- _DIRECTIONS FOR THIS TASK_
From the line containing "this 1666×1667 image." to the last line of the records below, repeat every line exactly and add nothing else.

- _Saved data entries_
*** Begin section ***

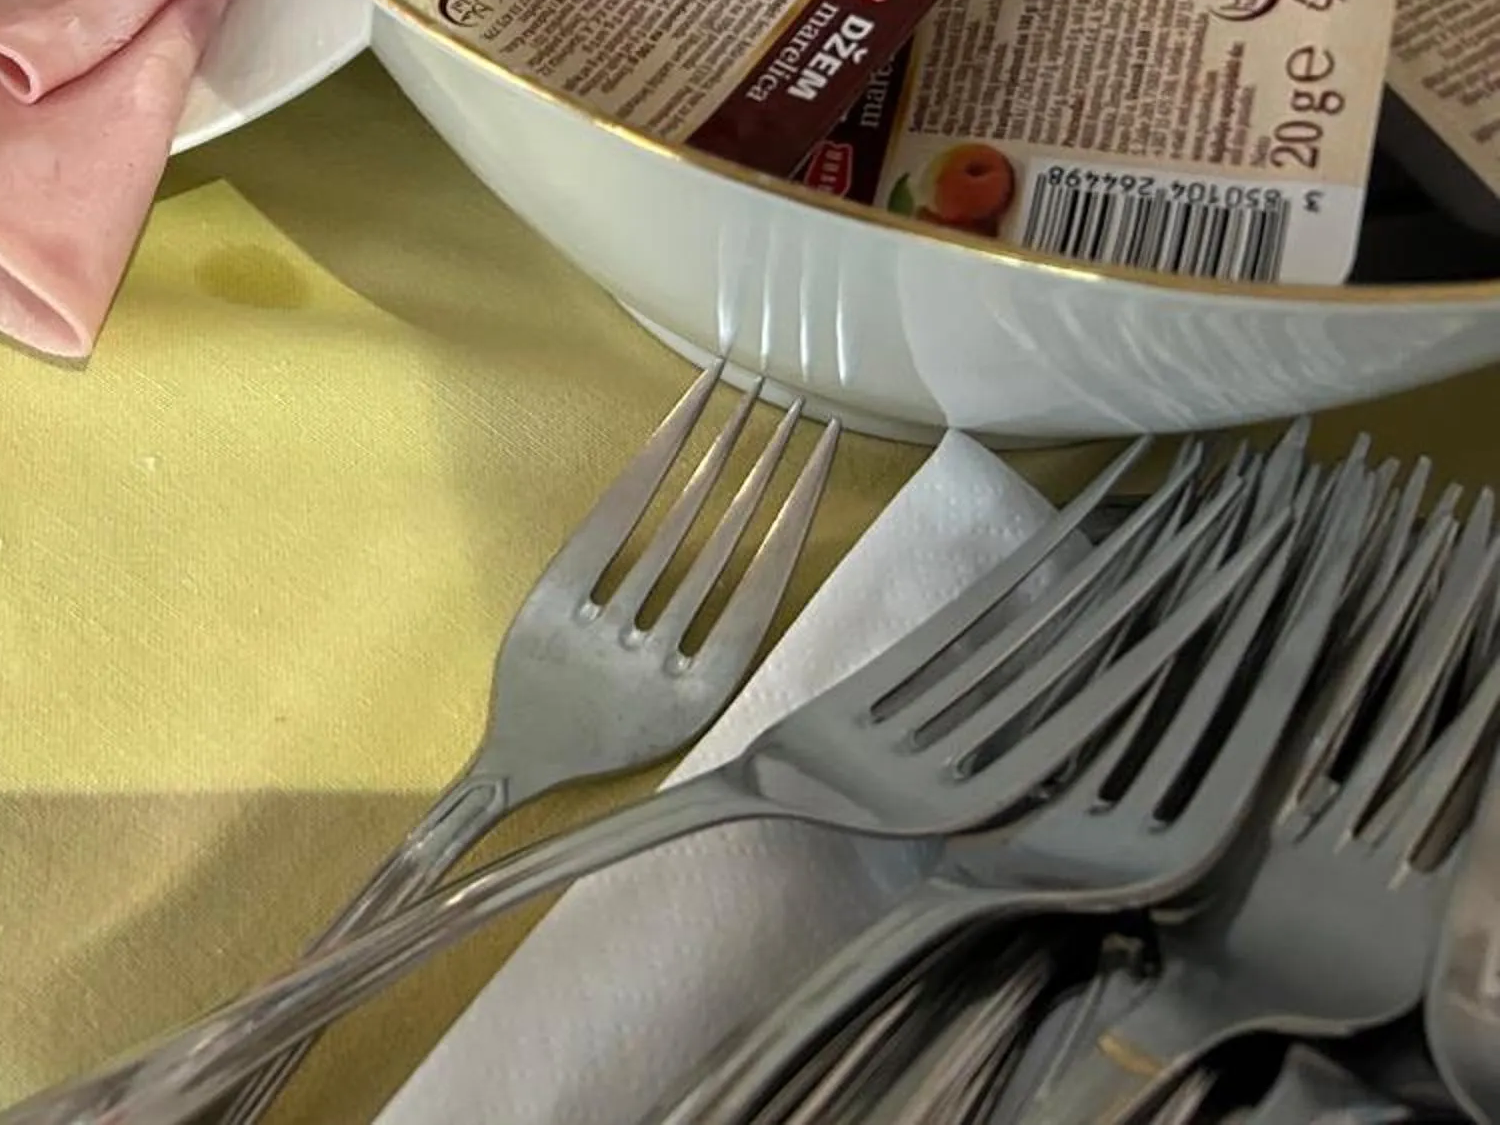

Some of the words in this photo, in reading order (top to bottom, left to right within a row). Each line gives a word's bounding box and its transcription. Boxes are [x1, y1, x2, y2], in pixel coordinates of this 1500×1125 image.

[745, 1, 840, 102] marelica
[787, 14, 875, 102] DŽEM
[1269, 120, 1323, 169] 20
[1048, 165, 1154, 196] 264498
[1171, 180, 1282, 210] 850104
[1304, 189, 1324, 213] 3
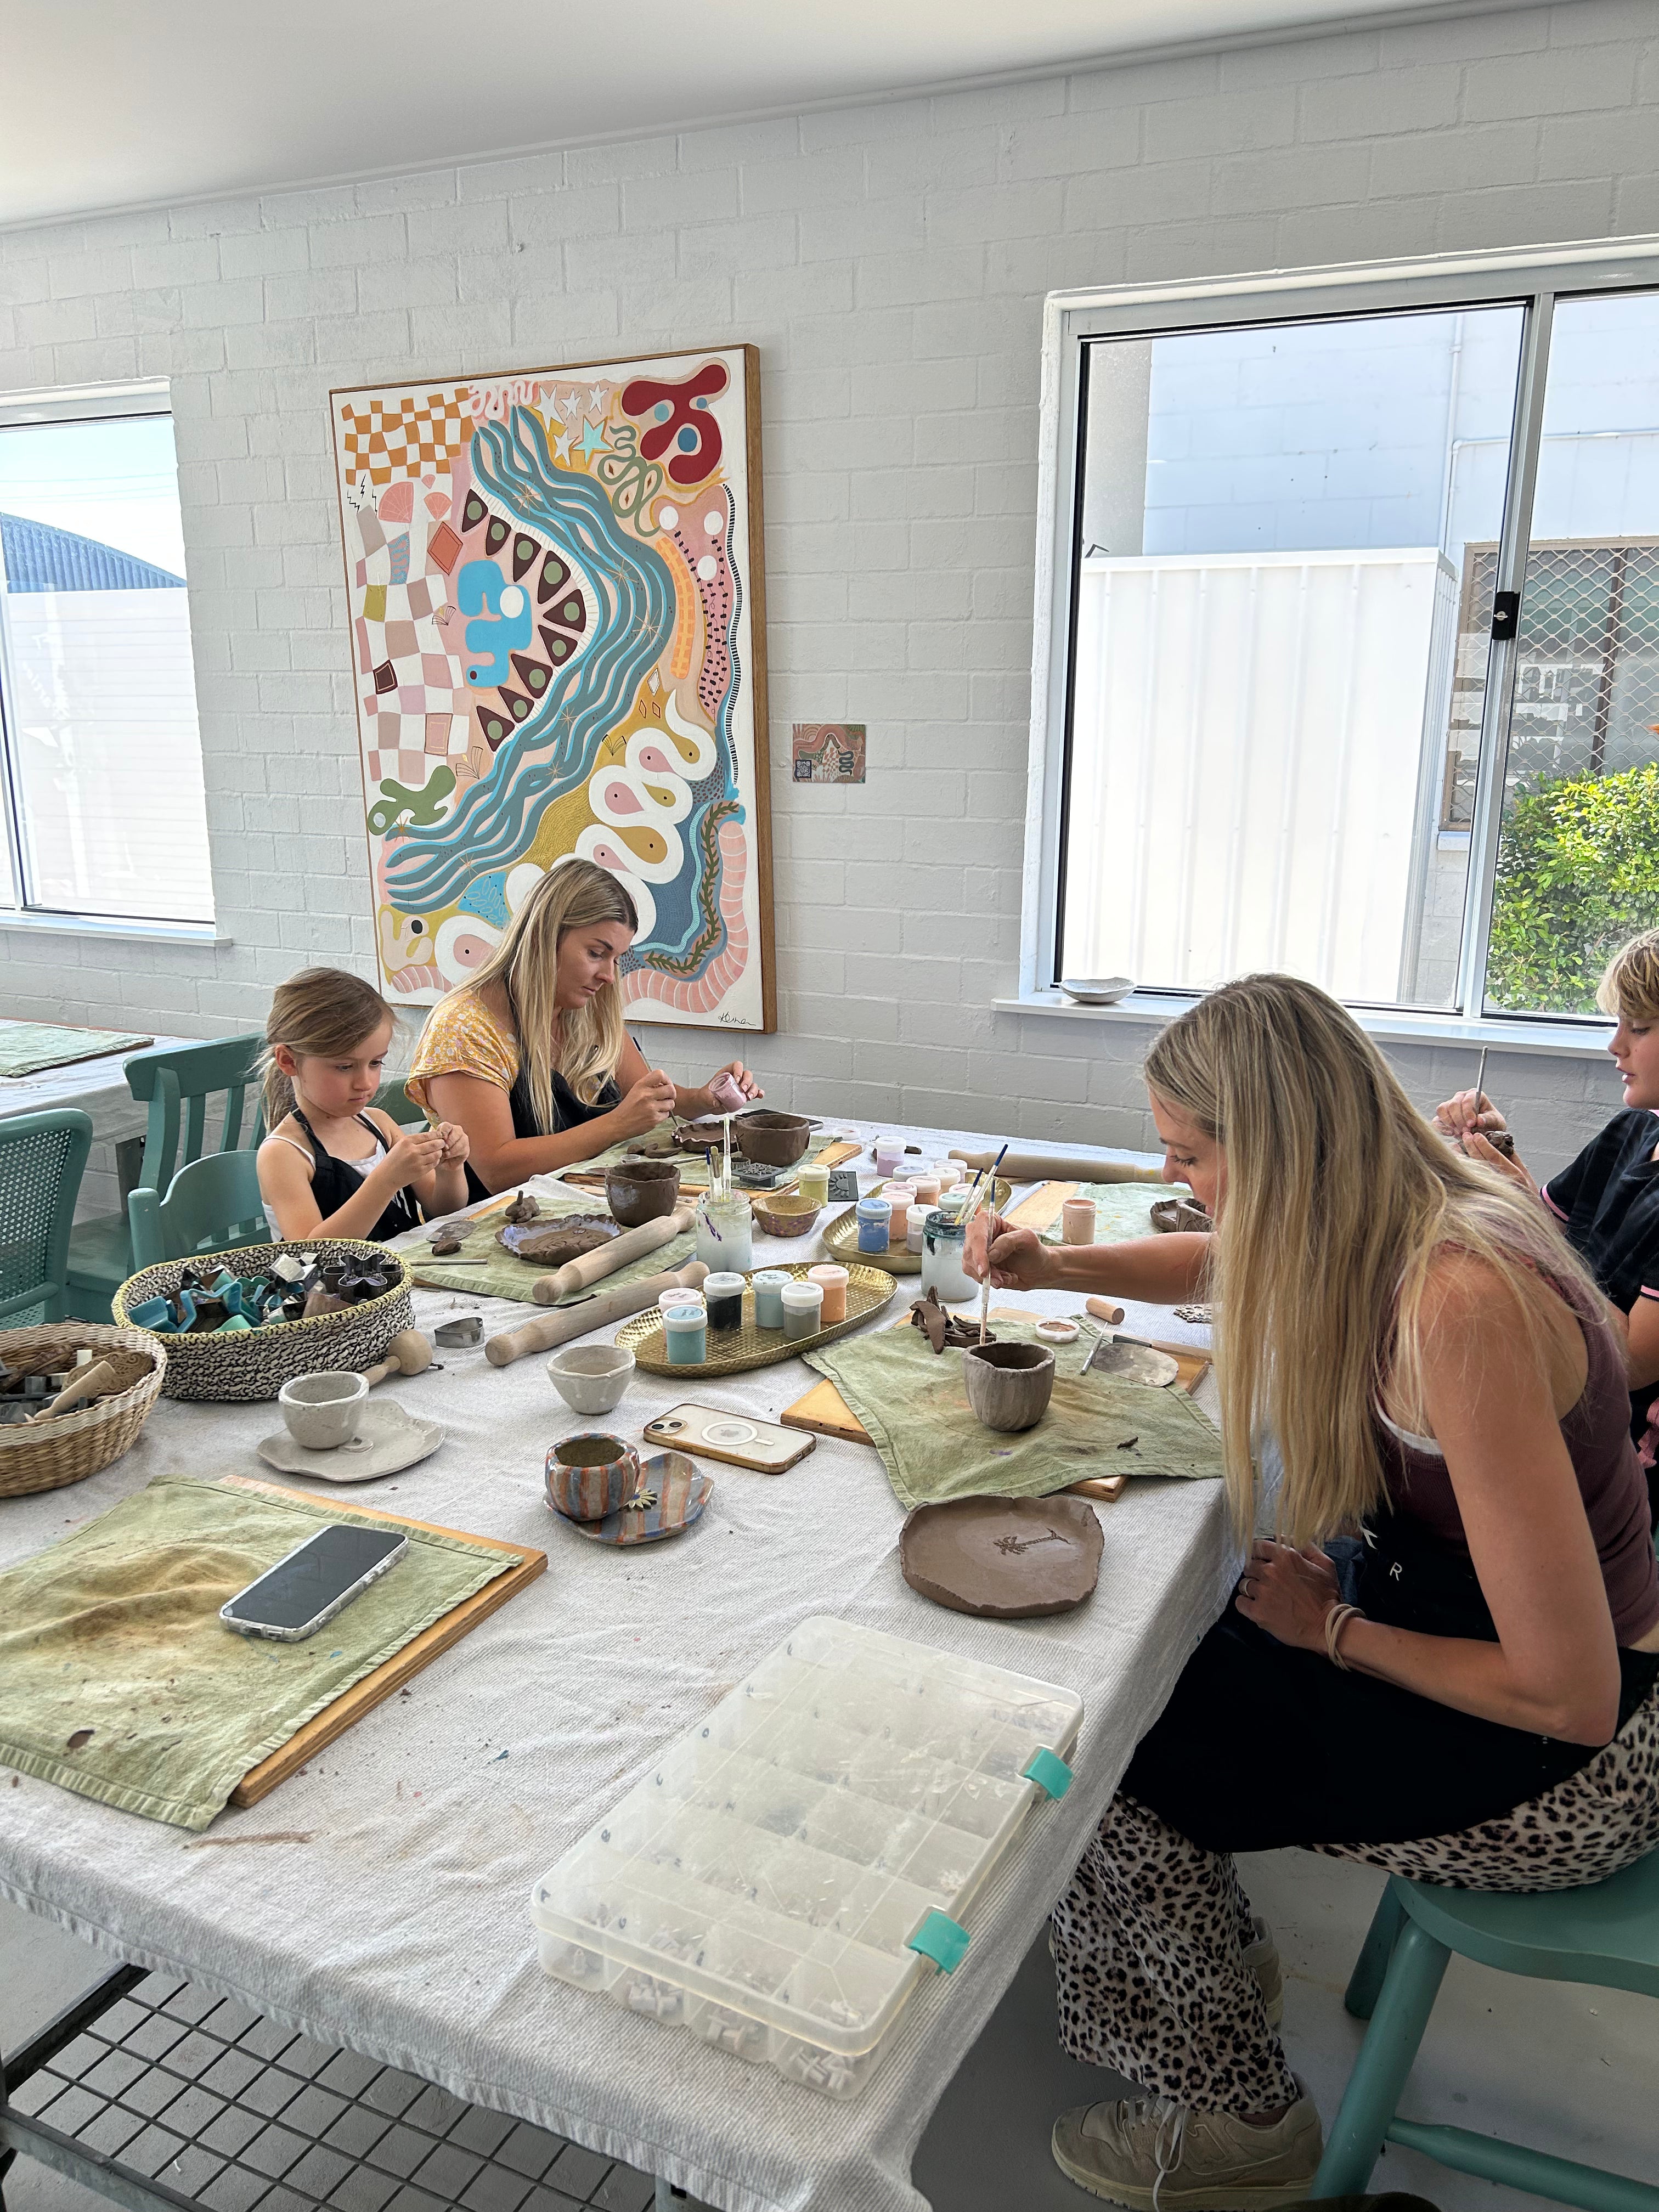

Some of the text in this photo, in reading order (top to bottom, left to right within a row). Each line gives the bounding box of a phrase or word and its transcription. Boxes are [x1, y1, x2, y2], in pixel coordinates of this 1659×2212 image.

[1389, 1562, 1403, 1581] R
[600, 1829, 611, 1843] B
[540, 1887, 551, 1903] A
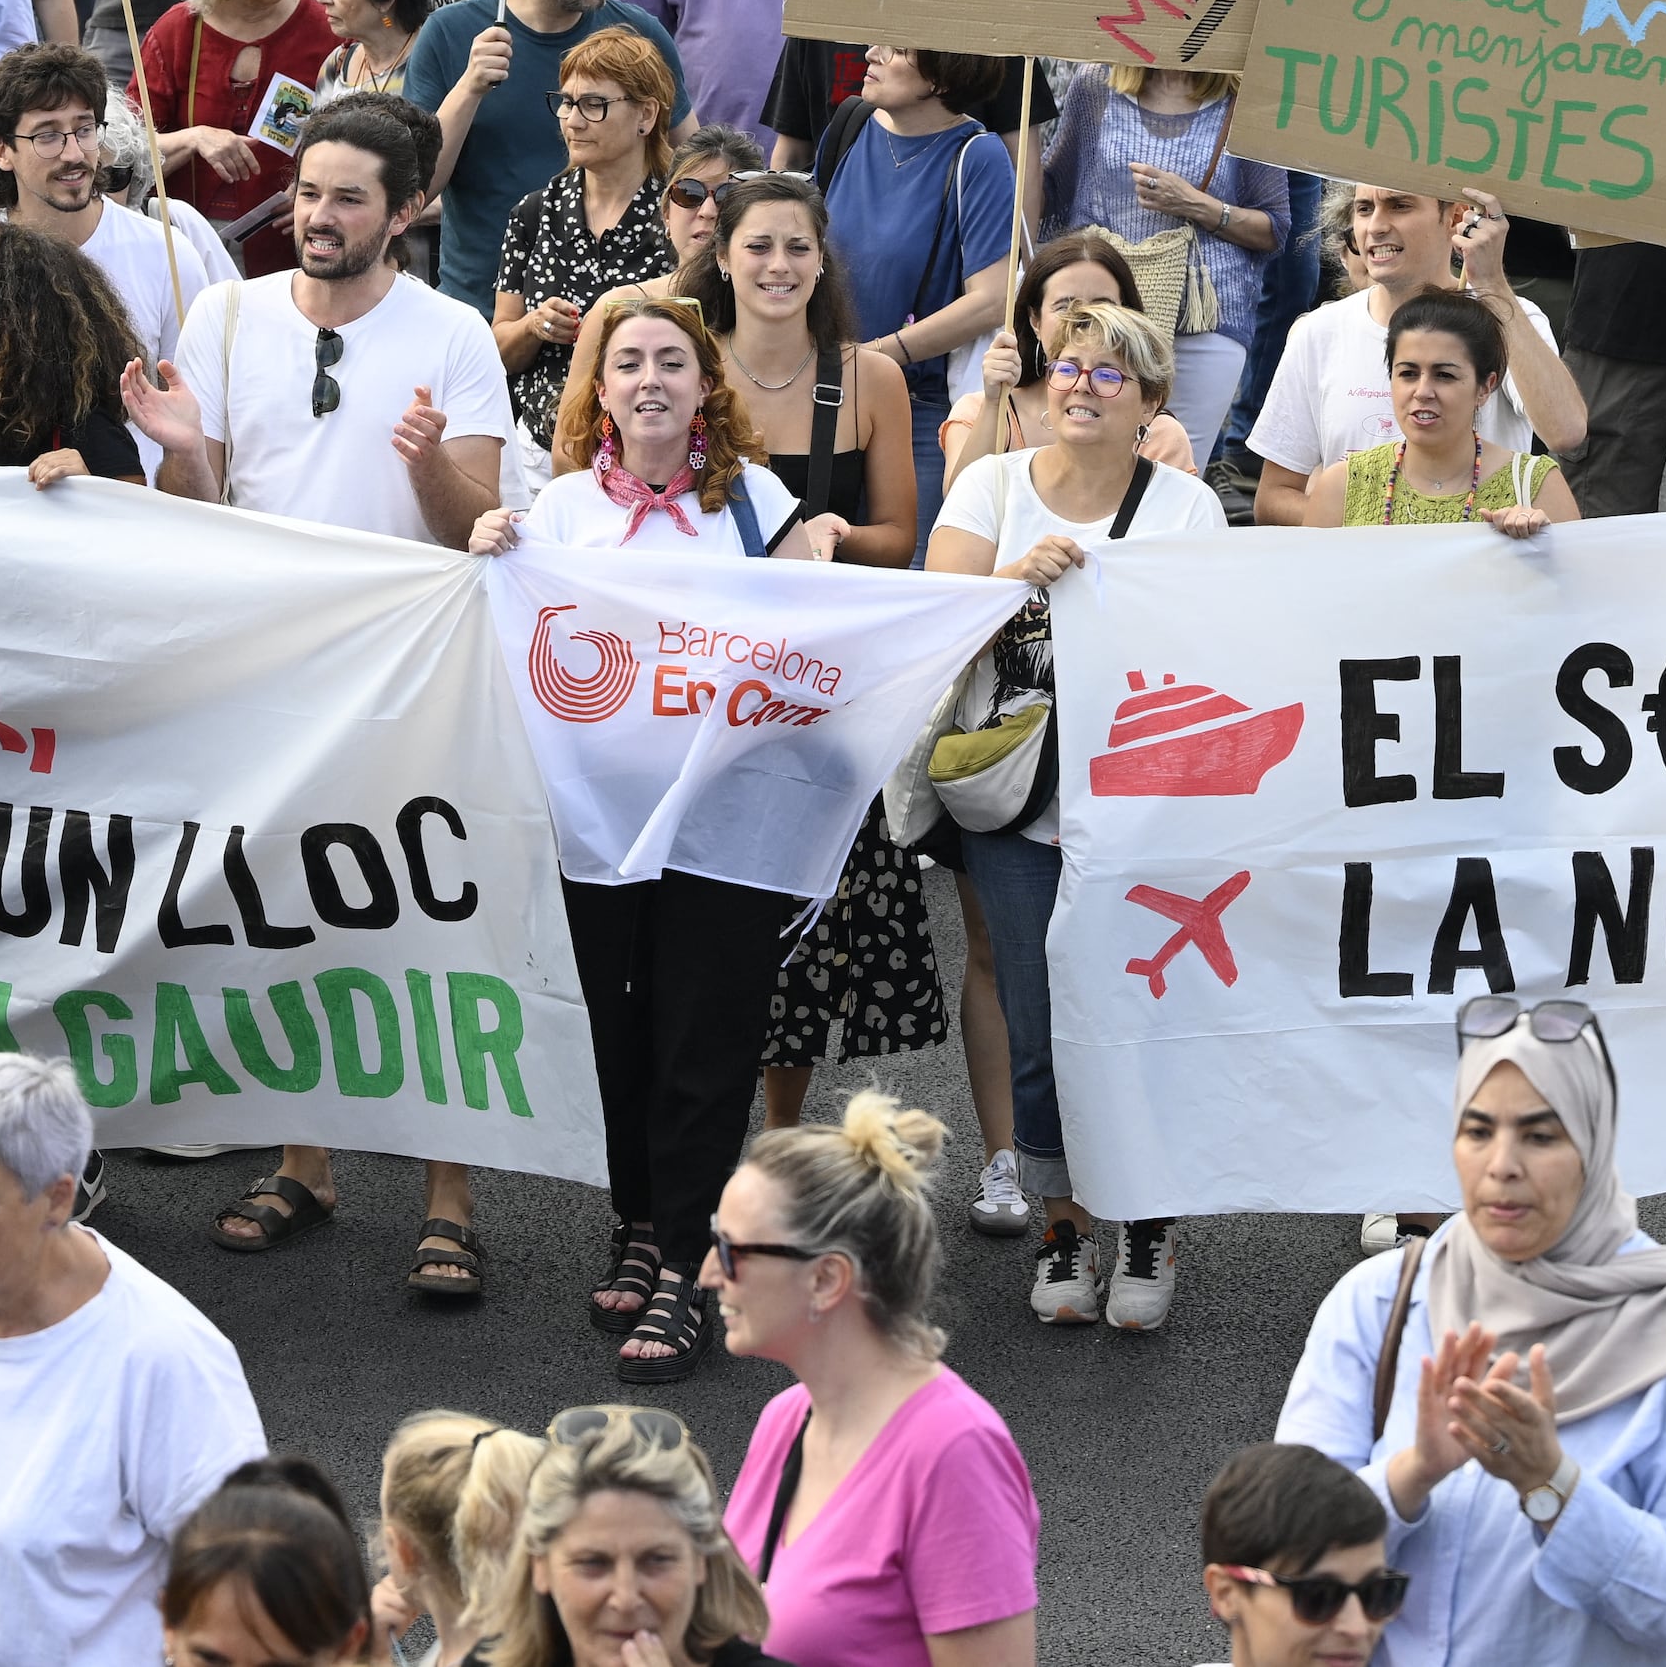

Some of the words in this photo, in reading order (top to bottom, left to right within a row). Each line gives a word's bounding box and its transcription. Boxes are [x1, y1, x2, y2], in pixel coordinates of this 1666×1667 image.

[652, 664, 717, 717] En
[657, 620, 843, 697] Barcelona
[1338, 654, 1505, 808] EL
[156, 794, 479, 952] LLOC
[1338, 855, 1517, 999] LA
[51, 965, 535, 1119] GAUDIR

*** End section ***

- _RESULT_
Some of the words in this photo, in reading order (top to bottom, left to right within a row). Each line gives a word's bounding box and its transcription. Boxes are [x1, y1, x2, y2], in pixel coordinates of this 1666×1667 image.

[652, 664, 717, 717] En
[657, 620, 843, 697] Barcelona
[1338, 654, 1505, 808] EL
[156, 794, 479, 952] LLOC
[1338, 855, 1517, 999] LA
[51, 965, 535, 1119] GAUDIR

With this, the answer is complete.